The entire study (all-study) duration time point rmcorr analyses for PVT lapses were all significant for Condition A and Condition B (Table 2). All r_rm values were moderate for Condition B, while only the 1000, 1200, and 1600 h time point correlations were moderate for Condition A (the 1800 and 2000 h time points were weak). The recovery (R1-R4) time point r_rm coefficients were weaker than the all-study time point coefficients. Across recovery for Condition A, the 1200 and 2000 h time point correlations were in the weak range while the 1000, 1600, and 1800 h time point correlations were in the negligible range or were non-significant. For Condition B, the all-study by time point correlations were negligible across recovery while the 1200, 1600, and 1800 h time point correlations were all non-significant. Figure 3 presents rmcorr plots for 1800 h by time point analyses as an example of moderate, weak and negligible r_rm correlations by time point across the entire study and across recovery for both conditions.

FIGURE 3

Figure 3. Rmcorr plots of repeated-measures correlations between 10-min Psychomotor Vigilance Test (PVT-10) and 3-min Psychomotor Vigilance Test (PVT-3) transformed lapses at 1800 h across the entire study (All Study Days) and across only recovery days 1–4 (R1-R4) for Condition A (A) and Condition B (B).

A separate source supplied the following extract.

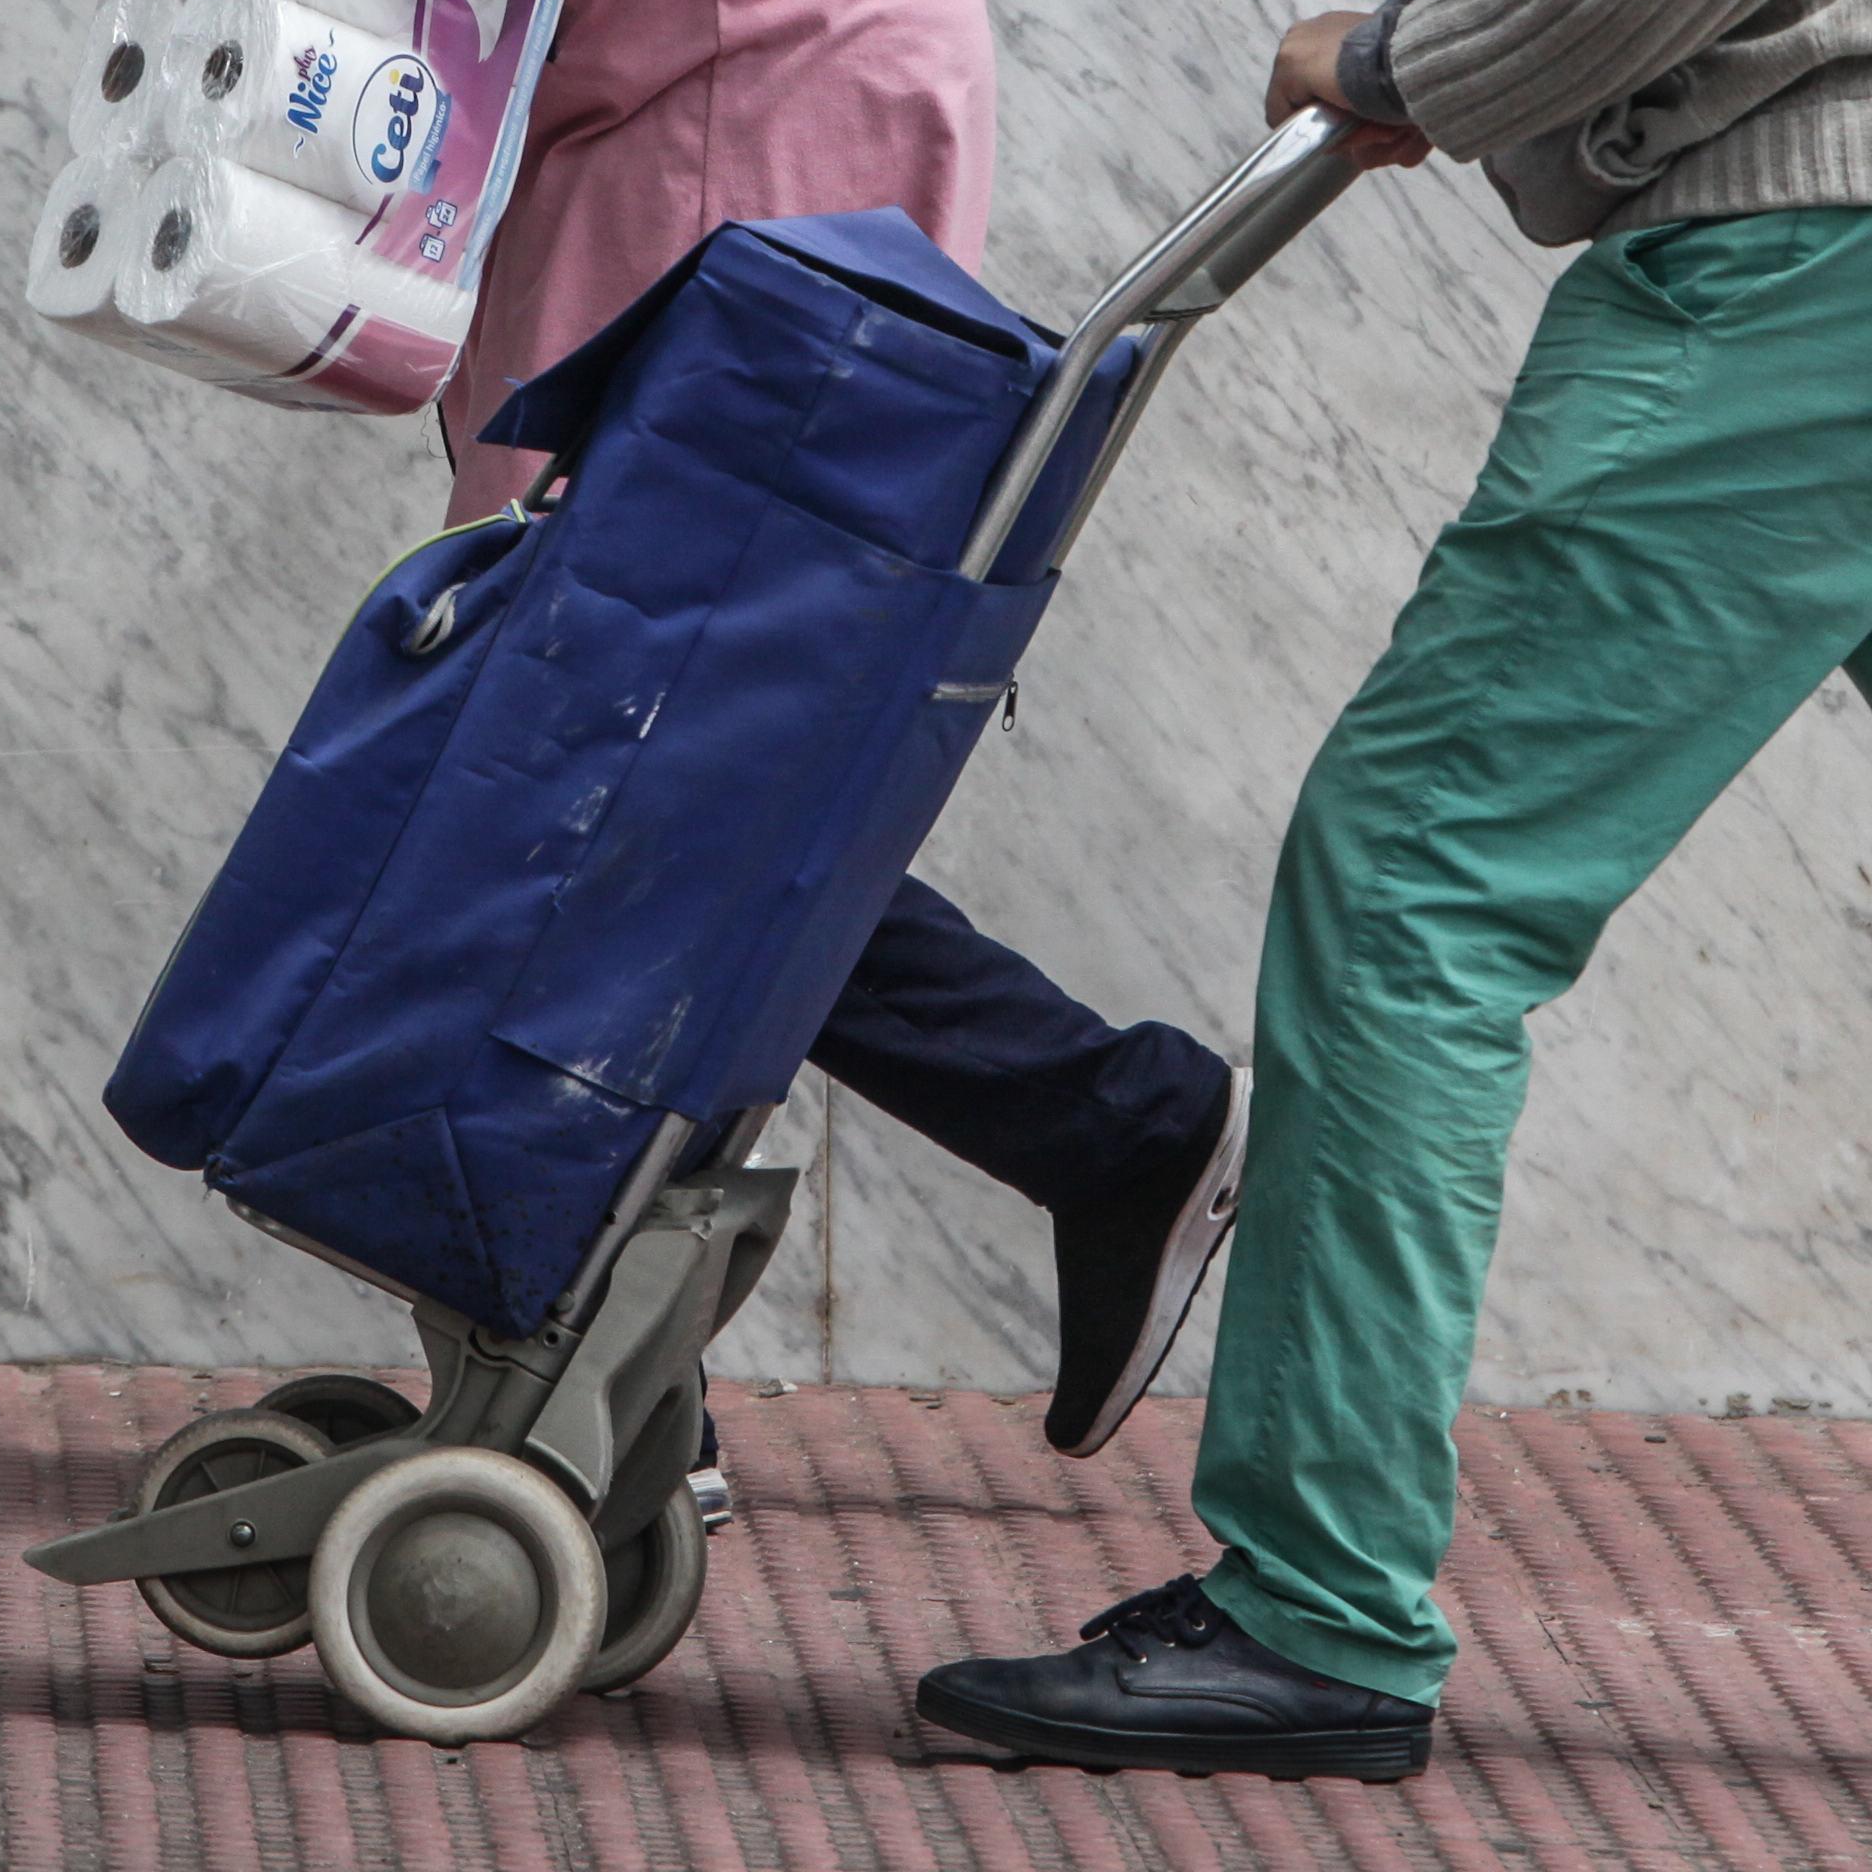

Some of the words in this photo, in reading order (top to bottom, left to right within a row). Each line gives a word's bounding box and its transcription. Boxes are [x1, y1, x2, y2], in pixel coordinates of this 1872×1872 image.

Each color represents a distinct participant with each point showing performance on both measures at one time point while the corresponding line shows the rmcorr fit for that participant (Bakdash and Marusich, 2020; R Core Team, 2020). The gray dashed line represents the regression line obtained by ignoring repeated measurements and treating the data as independent observations; r_rm represents the common within-individual association (rmcorr). Rmcorr effect sizes were interpreted as follows: 0.00–0.29, negligible; 0.30–0.49, weak; 0.50–0.69, moderate; 0.70–0.89, strong; and 0.90–1.00, very strong. Values were transformed by adding 0.5 and natural log transforming the result.

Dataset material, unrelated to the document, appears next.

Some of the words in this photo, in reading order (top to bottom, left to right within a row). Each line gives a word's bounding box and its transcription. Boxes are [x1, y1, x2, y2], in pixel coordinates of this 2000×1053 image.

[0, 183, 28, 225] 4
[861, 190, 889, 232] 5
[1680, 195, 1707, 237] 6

Psychomotor Vigilance Test 1/RT

Tables 3, 4 show r_rm, degrees of freedom, p-values, bootstrapped 95% CIs, and median and IQR values for the PVT-3 and PVT-10 separately for the PVT 1/RT analyses. Median values were calculated for each value represented in the tables (i.e., 1000 h, B2, SR1-SR5, etc.) for all participants within each condition. As noted in section “Psychomotor Vigilance Test Lapses,” we present medians, rather than means, since they are less susceptible to skewing by outliers and better reflect the central tendency of these data. Select rmcorr plots as examples of the range of observed effects for each analysis type are included (Figures 4–6).

TABLE 3

Table 3. PVT-10 and PVT-3 1/RT rmcorr results by day and by study phase.

TABLE 4

Table 4. PVT-10 and PVT-3 1/RT rmcorr results by time point.

FIGURE 4

Figure 4. Rmcorr plots of repeated-measures correlations between 10-min Psychomotor Vigilance Test (PVT-10) and 3-min Psychomotor Vigilance Test (PVT-3) response speed (1/RT) by study phase for Condition A (A) and Condition B (B). Each color represents a distinct participant with each point showing performance on both measures at one time point while the corresponding line shows the rmcorr fit for that participant (Bakdash and Marusich, 2020; R Core Team, 2020). The gray dashed line represents the regression line obtained by ignoring repeated measurements and treating the data as independent observations; r_rm represents the common within-individual association (rmcorr). Rmcorr effect sizes were interpreted as follows: 0.00–0.29, negligible; 0.30–0.49, weak; 0.50–0.69, moderate; 0.70–0.89, strong; and 0.90–1.00, very strong. Included time points were as follows: sleep restriction day one from 0800 h through sleep restriction day five at 2000 h (SR1-SR5) and recovery day one from 1000 h through recovery day four at 2000 h (R1–R4).